# Kajak am Autodach



## Buds Ben Cêre (22. Oktober 2009)

Morgen oder am Montag ist es soweit!

Dann bekomme ich mein Fishin-Kajak!
Gepäckträger fürs Dach ist montiert, das Boot kann drauf!

Nur: Wie es festmachen?
|kopfkrat

Mit Spanngurten, ist schon klar. Nur, reicht es, die mit irgendeinem Knoten festzubinden oder braucht man eine Ratsche zum Festzurren?


----------



## macmarco (22. Oktober 2009)

*AW: Kajak am Autodach*

Moin..

Ich nutze nur welche mit "Ratsche"... Sind sicherer als die, die man nur Knoten kann
Außerdem im Radiofunk nachher zu hören, dass ein Kajak auf der Autobahn liegt, ist ja auch net das wahre


----------



## steven23883 (22. Oktober 2009)

*AW: Kajak am Autodach*

Habe zwar keine erfahrung mit einem kajak auf dem auto dach... aber ich hatte mal ein schlauchboot das 3,30m lang war und das habe ich auf dem dach von hamburg nach fehmarn transportiert... hatte es mit spanngurten mit der ratsche einmal vorn am abschlepphaken fest gemacht und einmal links hinten und einmal rechts hinten am boot und dann beide fest geratscht am abschlepphaken... und dann zu guter letzt hatte ich noch einen ratschengurt durch fahrer und beifahrertür gemacht... das ging echt super.... meine autos waren ford fiesta vw golf 2 und 3... hatte nie probleme damit und 120 km/h waren auch kein problem ging sogar schneller ohne das das boot sich auf dem dach bewegt hat... hatte auch kein ärger mit polizei oder so... alles hat super geklappt und funktioniert...


----------



## bacalo (23. Oktober 2009)

*AW: Kajak am Autodach*

Hallo Kohlmeise,

für den sicheren Transport von Kajaks rate ich zu so was:




http://www.kajakladen.com/kanutransport.htm


Vorteil - solide Fixierung und zwar nur am Dach (ohne Gurtbänder an den Stoßstangen). Der rechte Ovalbügel ist mit einer Halterung für das Paddel versehen.
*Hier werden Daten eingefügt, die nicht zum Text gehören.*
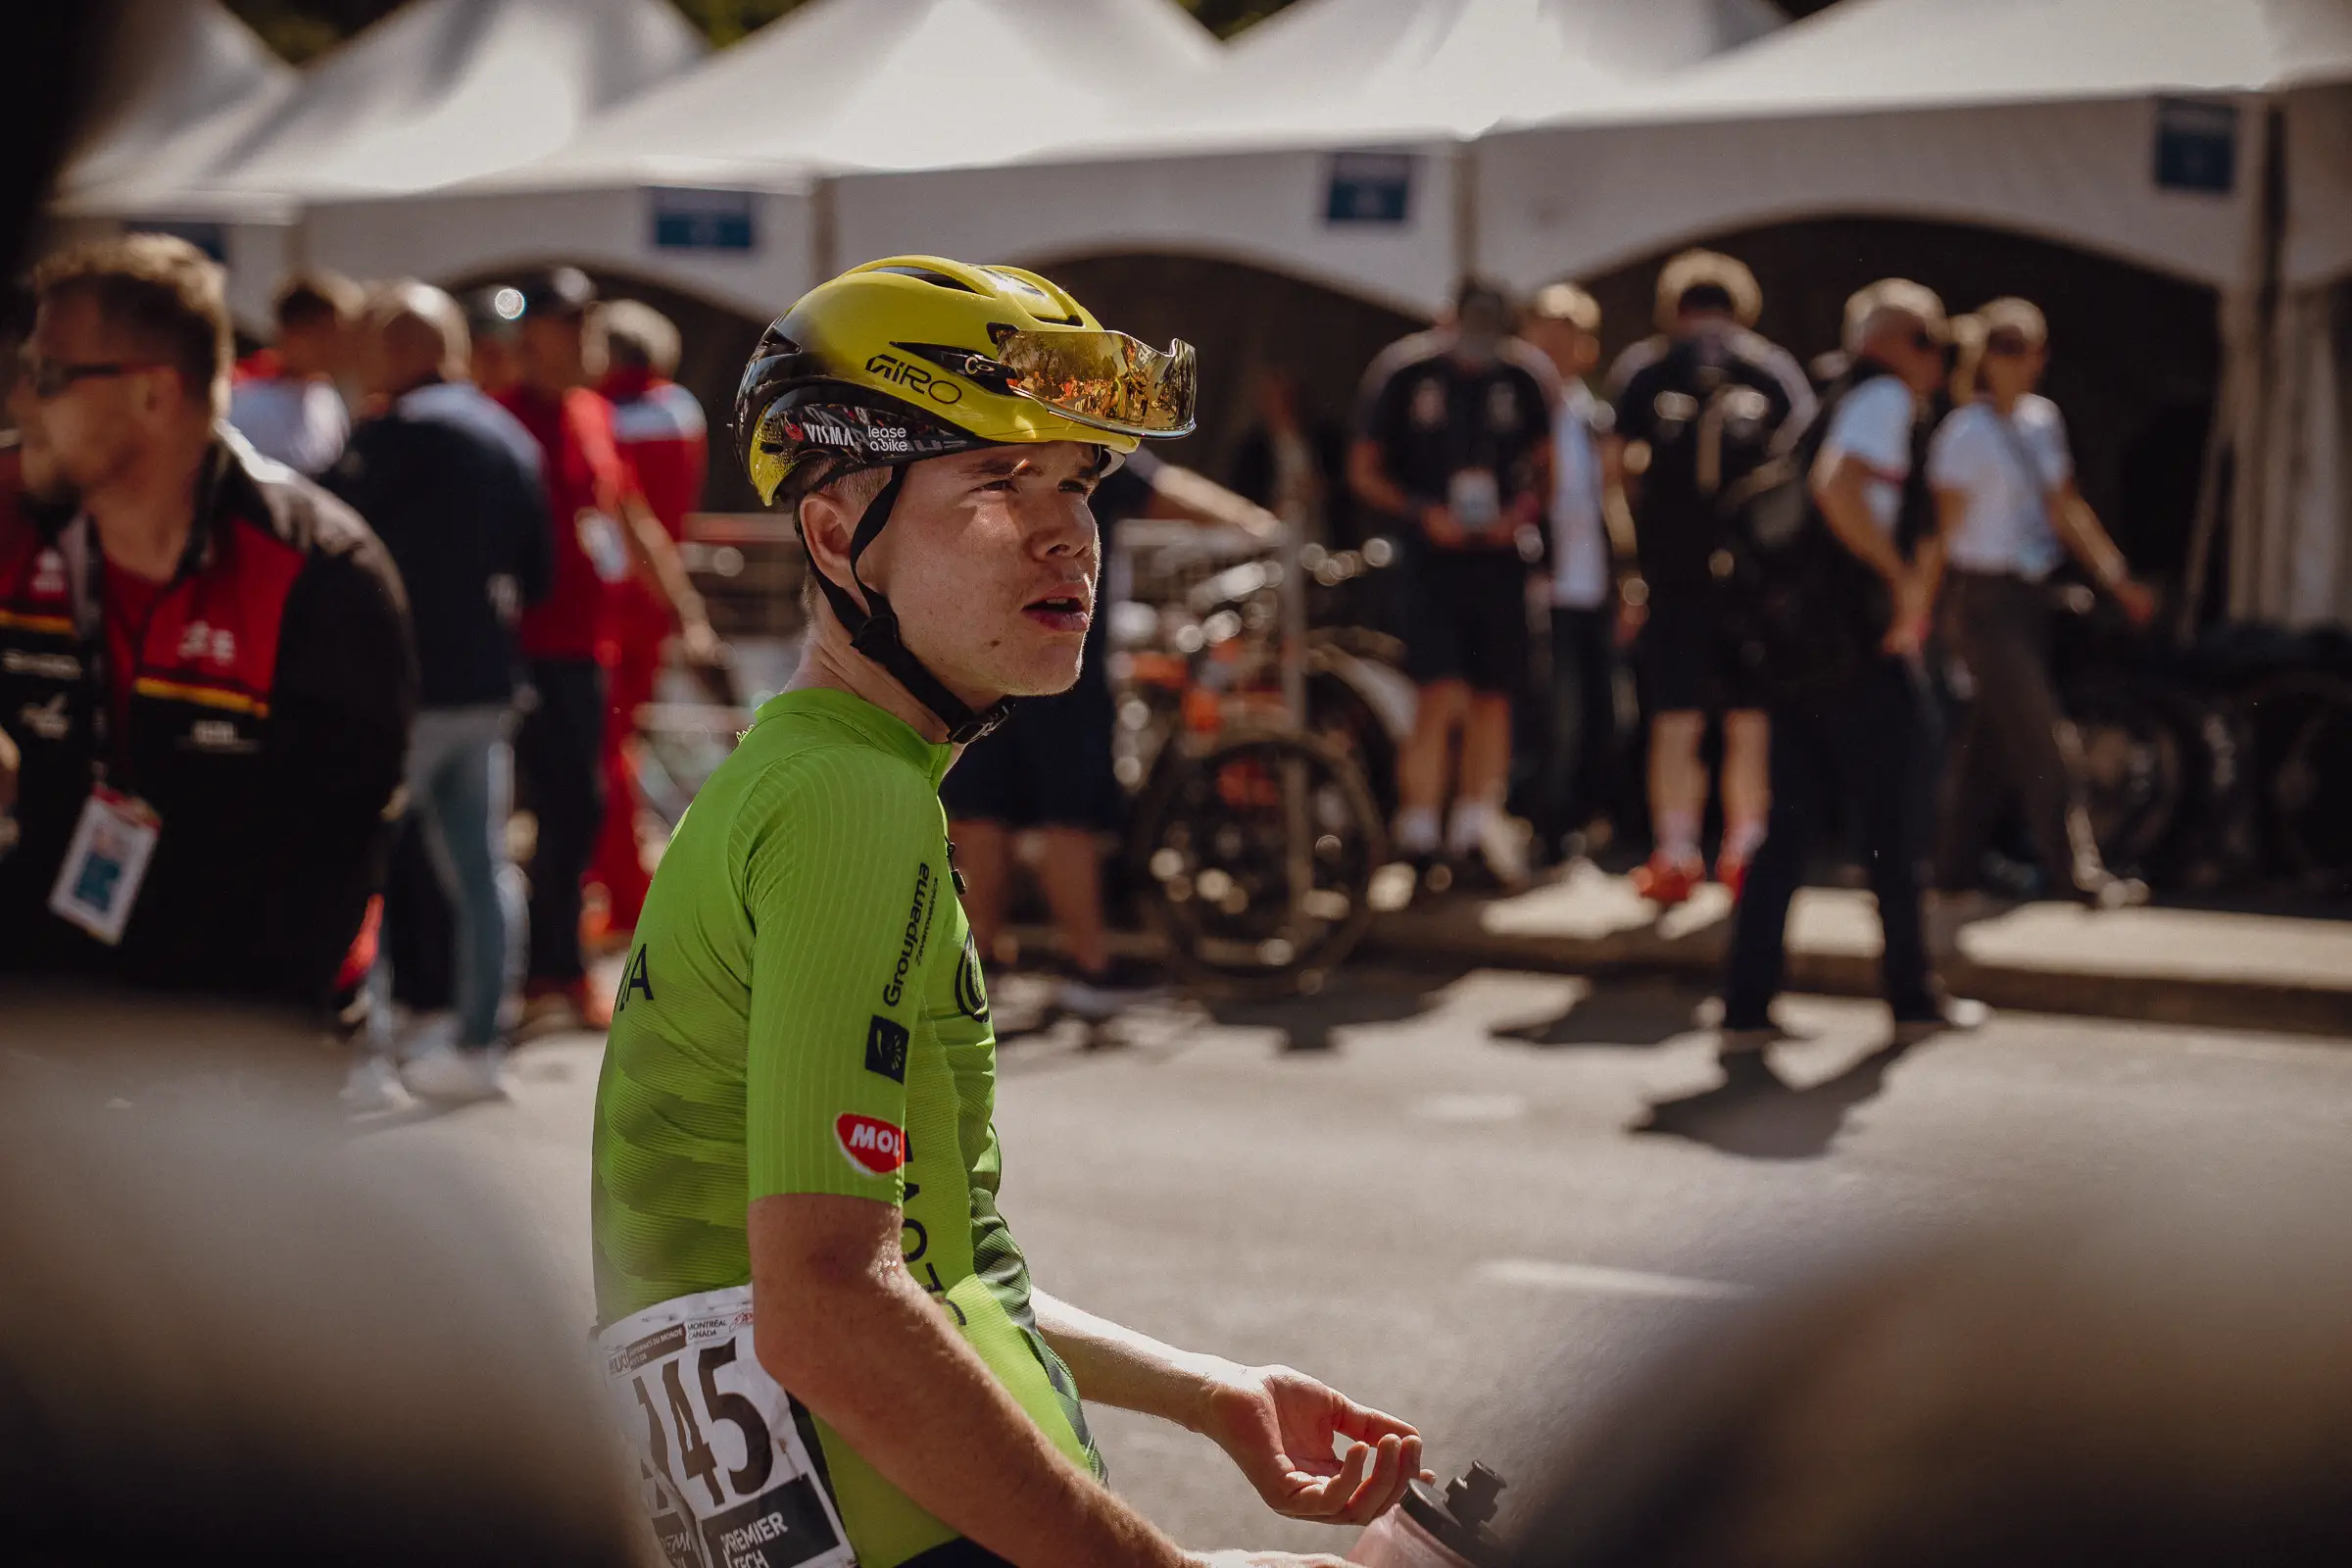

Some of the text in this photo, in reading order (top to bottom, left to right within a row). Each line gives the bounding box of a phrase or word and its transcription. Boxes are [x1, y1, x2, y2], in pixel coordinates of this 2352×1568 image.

[865, 354, 962, 405] GIRO
[803, 422, 854, 447] VISMA
[868, 424, 906, 438] lease
[883, 861, 930, 1007] Groupama
[688, 1329, 717, 1341] CANADA
[719, 1511, 789, 1555] PREMIER
Preislich gibt´s nichts zu meckern. Mit dem Kajak sparst Du ja auch Geld, da Du die Hänger besser lösen kannst


Gruß
bacalo


----------



## Blindfischer (23. Oktober 2009)

*AW: Kajak am Autodach*



bacalo schrieb:


> Hallo Kohlmeise,
> 
> für den sicheren Transport von Kajaks rate ich zu so was:
> 
> ...


 

Kannst Du leider vergessen, bei einem normalen Kajak geht das gut, aber beim Sit on Top  gar nicht, die Rumpfform passt nicht in die Halter, das bekommst Du im Leben nicht vernünftig fest.
(sebst ausführlich mit einem DAG Lagoon getestet)

Das Beste ist einfach mit Ratschengurten am Dachträger fest und gut ist das.
Wenn Du noch Rohrisolierung aus dem Baumarkt über die Holme steckst,rutscht da nix mehr.

Abspannen nach vorne mach ich nur wenn das Boot weit über den Dachträger übersteht,hängt vom Auto und der Bootslänge ab, ist aber meist nicht nötig.

Gruß

Dirk


----------



## Toni_1962 (23. Oktober 2009)

*AW: Kajak am Autodach*

Nimm eine Ratsche ...

ich schaffe es kaum, einen Konten so zu machen, dass anschließend der Gurt fest genug gestrafft ist ... 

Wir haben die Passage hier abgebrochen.